Pierre Legendre, l’università e la psicoanalisi

Pubblichiamo, a seguito della scomparsa di Pierre Legendre (1930-2023), un articolo di Per Magnus Johannson che ne ripercorre la vita e l’opera.

 

 

Pierre Legendre nasce il 15 giugno 1930 in Normandia, da una modesta famiglia. Compie gli studi universitari prima a Rennes, poi nella capitale. Vive a Parigi da più di cinquant’anni. Legendre è innanzitutto un intellettuale poliedrico che ha una ampia e solida formazione universitaria. Come giurista, ha insegnato nell’università a partire dal 1957. La sua tesi di dottorato, La Pénétration du droit romain dans le droit canonique classique, è stata pubblicata nel 1964, quando aveva 34 anni. Ha operato in tutta la sua vita nell’ambiente accademico. Per molti anni ha insegnato all’École Pratique des Hautes Etudes. Agrégé in diritto romano e in storia del diritto, è Professore Emerito presso l’Università di Parigi I Panthéon-Sorbonne e Direttore Onorario degli studi presso l’École Pratique des Hautes Etudes, nella sezione Scienze religiose.

Critica dell’università

Legendre ha costantemente criticato l’evoluzione dell’istituzione universitaria nella quale per tanti anni ha insegnato, deprecando che la trasformazione dell’università d’élite in una università di massa abbia alterato la qualità dell’insegnamento, del pensiero critico e della ricerca. Studenti e insegnanti sono sempre meno diligenti nel lavoro e meno inclini alla tenacia che una autentica ricerca universitaria esige. L’odierna università è eccessivamente assoggettata a un discorso di tipo ideologico.

Sottolinea il valore educativo di una cultura umanistica e l’importanza di salvaguardare una formazione di tipo storico. Se la storia delle religioni e la storia del diritto rappresentano il suo campo di elezione, egli è nondimeno in possesso di una profonda conoscenza della letteratura e della filosofia. Pierre Legendre viene spesso definito un antropologo, ma la poesia e i poeti hanno sempre occupato un posto importante nella sua vita.

L’officina di film documentari

Il cinema esercita una forte influenza su di lui. Per lungo tempo ha intrattenuto regolari rapporti con il cineasta americano di origine greca Elia Kazan (1909-2003) e con i registi tedeschi Volker Schlöndorff (nato nel 1939) e Wim Wenders (nato nel 1945). Suo importante interlocutore sarà anche il documentarista americano Frederick Wiseman (nato nel 1930). La frequentazione di questi registi lo porterà a scrivere egli stesso sceneggiature cinematografiche. I testi dei suoi tre documentari, La Fabrique de l’homme occidental (1996), Miroir d’une nation: l’École nationale d’administration (1999) e Dominium Mundi. L’Empire du Management (2007), saranno pubblicati in un unico volume nell’ottobre 2016[1]. I tre film, tratti dai lavori di Pierre Legendre, sono stati diretti da Gérald Caillat.

Un umanista

Legendre scrive le sue opere in francese e legge il latino, il greco, il tedesco e l’inglese. Le biblioteche sono il suo habitat naturale. Dice addirittura che spera di morire in una biblioteca. È quello che nel mondo accademico anglosassone viene chiamato un ricercatore umanista vecchio stile. Legendre ha uno stretto e profondo rapporto con la lettura e la scrittura; grazie al suo cosmopolitismo, coltiva anche un vivo rapporto con culture e lingue differenti: ha in particolare grande conoscenza di molte culture africane e grande familiarità con la cultura giapponese e la cultura nordamericana, compresa quella canadese.

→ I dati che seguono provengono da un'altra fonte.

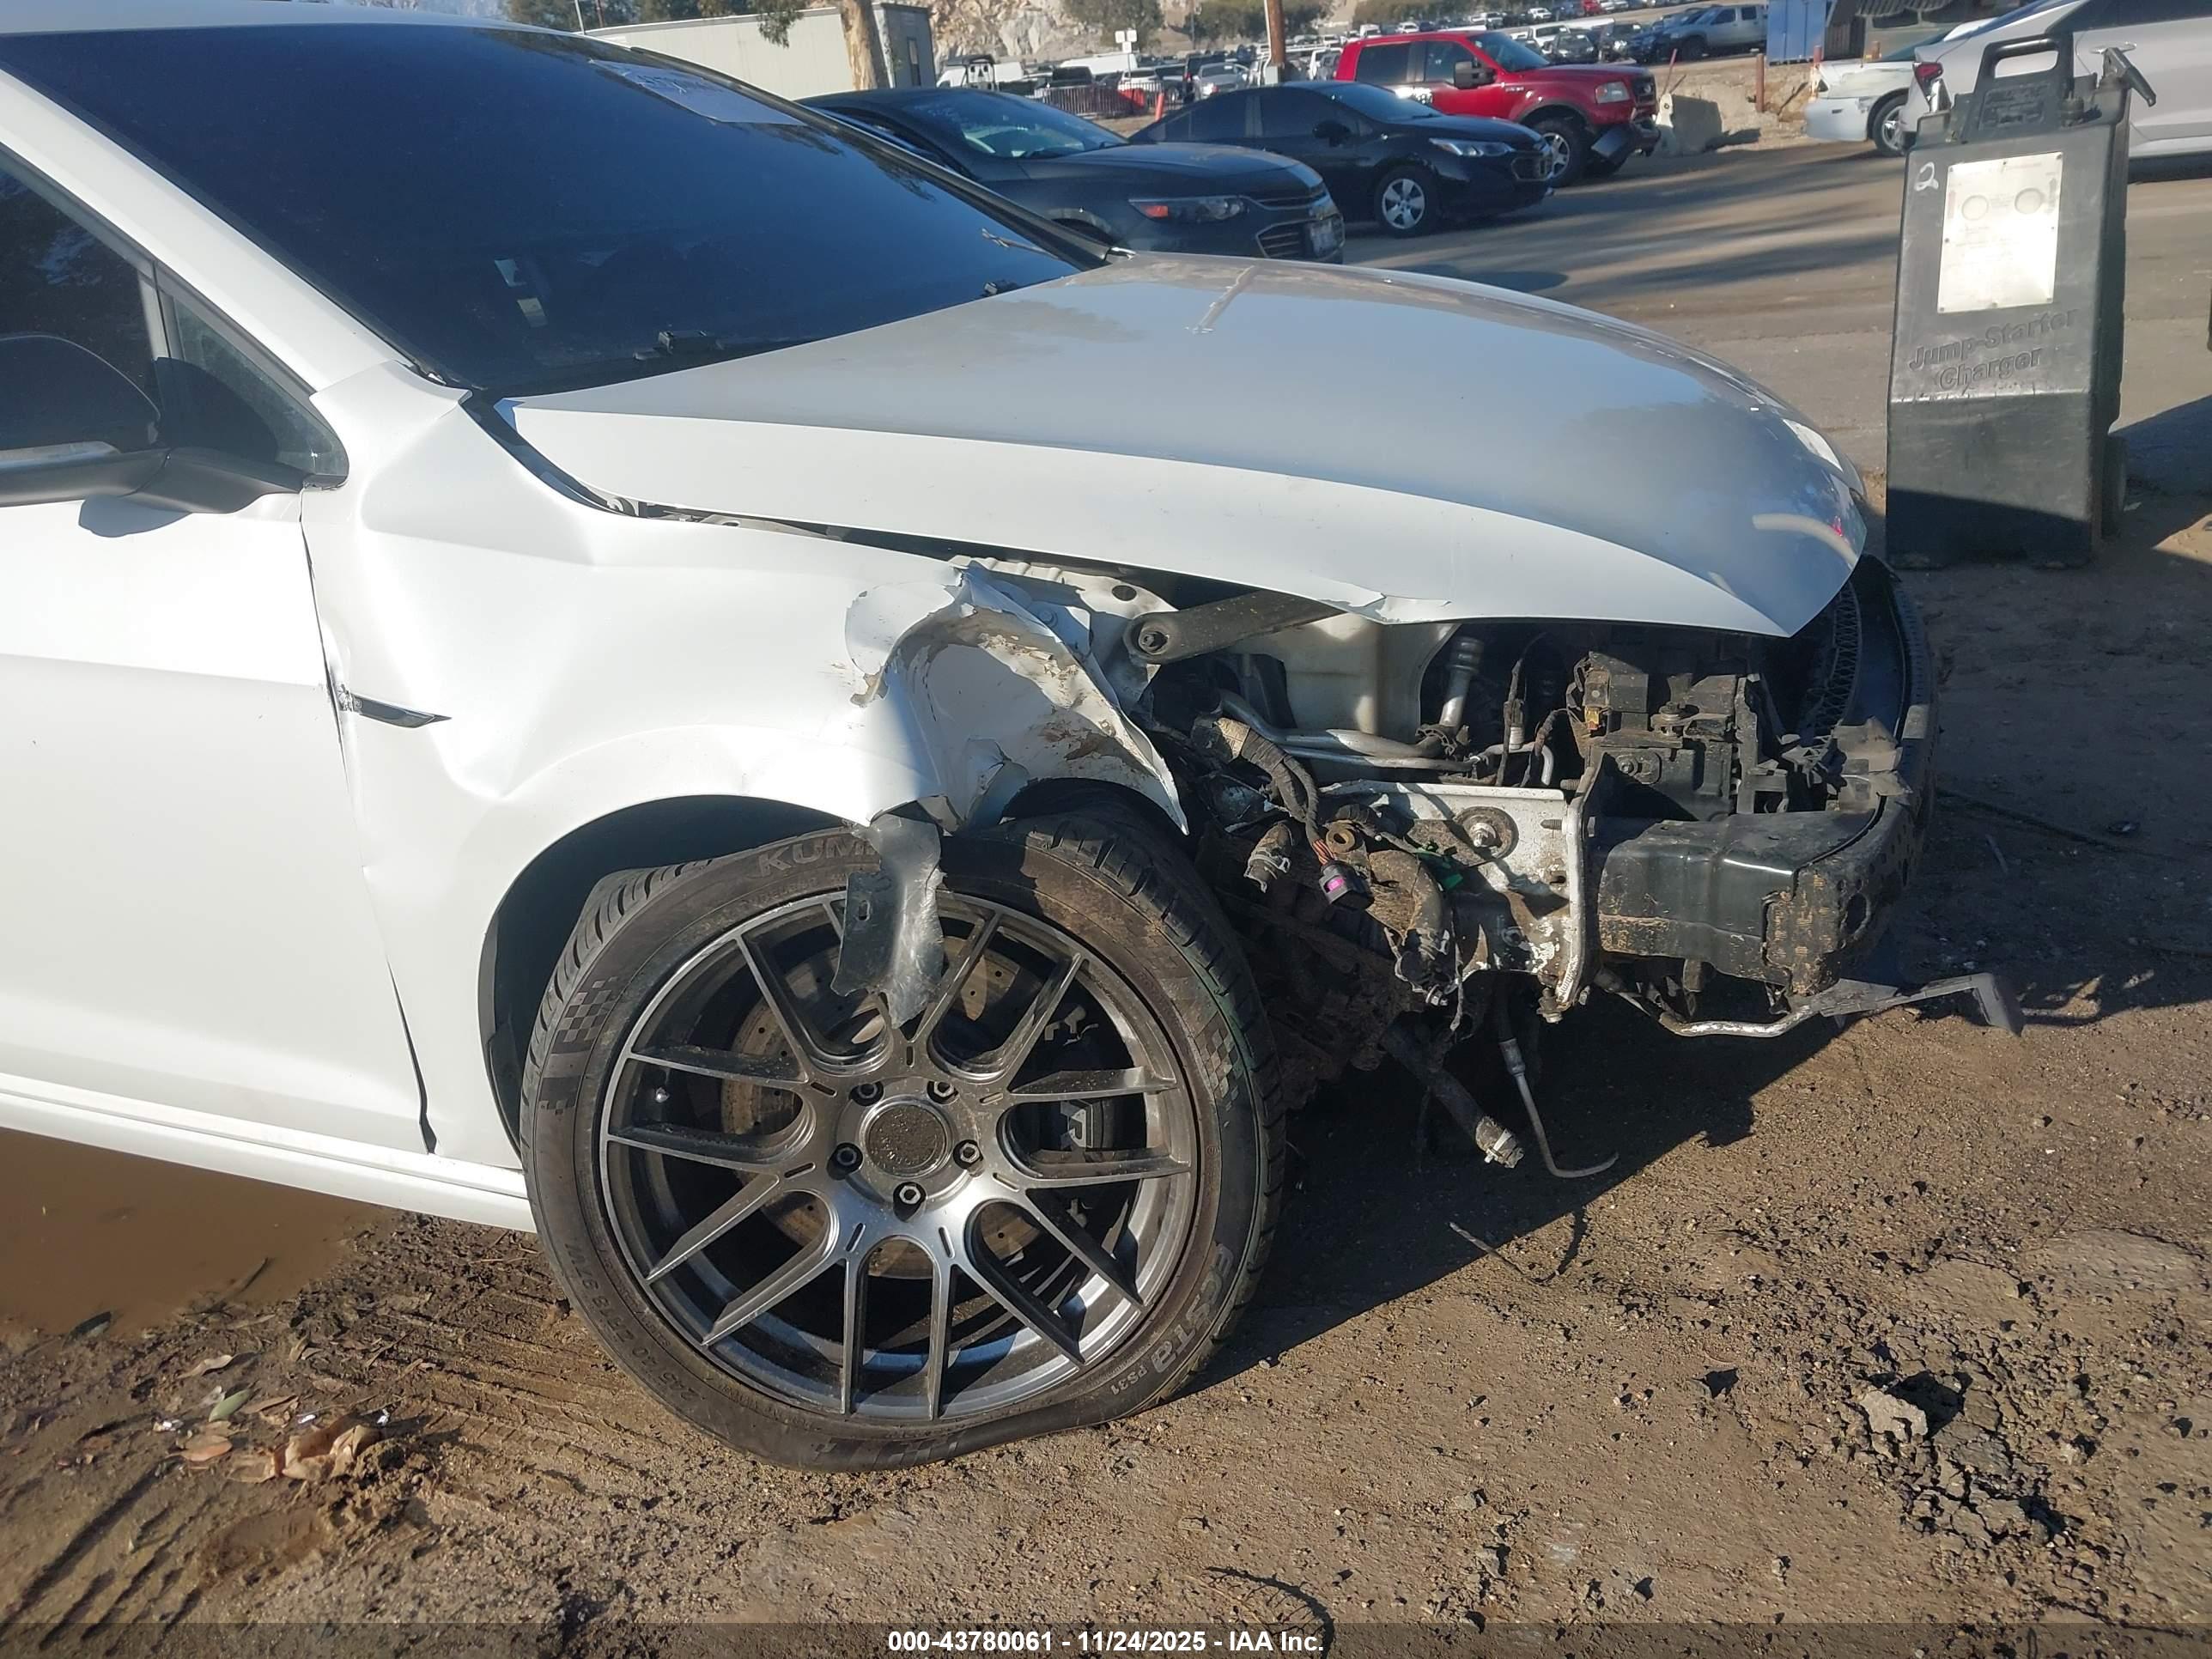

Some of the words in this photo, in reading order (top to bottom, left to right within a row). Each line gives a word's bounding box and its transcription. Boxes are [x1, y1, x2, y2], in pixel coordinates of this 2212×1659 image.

Il suo lavoro verte su ciò che l’attuale comprensione dell’Occidente ha dimenticato e negato, e sull’analisi delle strutture genealogiche della civiltà occidentale e le sue trasformazioni. Lo fa attraverso una genesi storica che risale almeno al diritto romano, la cui origine si colloca intorno al 451 a.C.

Legendre critica l’evoluzione della società occidentale e offre spesso testimonianza del suo pessimismo, per non dire della sua disperazione. Tuttavia, in relazione a un lontanissimo futuro che è di là da venire lascia a volte affiorare un sorprendente ottimismo. Un ottimismo legato all’essenza stessa dell’umanità che, egli pensa, finisce sempre per ritrovare la sua vitalità. Il che non gli impedisce però di sostenere che “in questo mondo siamo guidati da barbari”[2]. Il mondo per molti aspetti non può che migliorare e ristrutturare sé stesso, questa è la linea di pensiero portata avanti da Legendre.

Psicoanalista critico

Pierre Legendre ha una solida formazione psicoanalitica e ha esercitato la professione di analista presso la École freudienne di Parigi, nella sua qualità di Analista della Scuola (AE). Accanto alla sua carriera universitaria, Legendre ne ha condotta un’altra di psicoanalista nella École freudienne, di cui è stato membro per sedici anni, dal 1964 al 1980. Senza mai derogare dal proprio pensiero e dai propri scritti, conserverà sempre il suo spirito critico, pur nell’accettazione dei limiti di questa istituzione, mantenendo un piede dentro e l’altro fuori: ispirato dal pensiero di Jacques Lacan senza per questo divenire lacaniano.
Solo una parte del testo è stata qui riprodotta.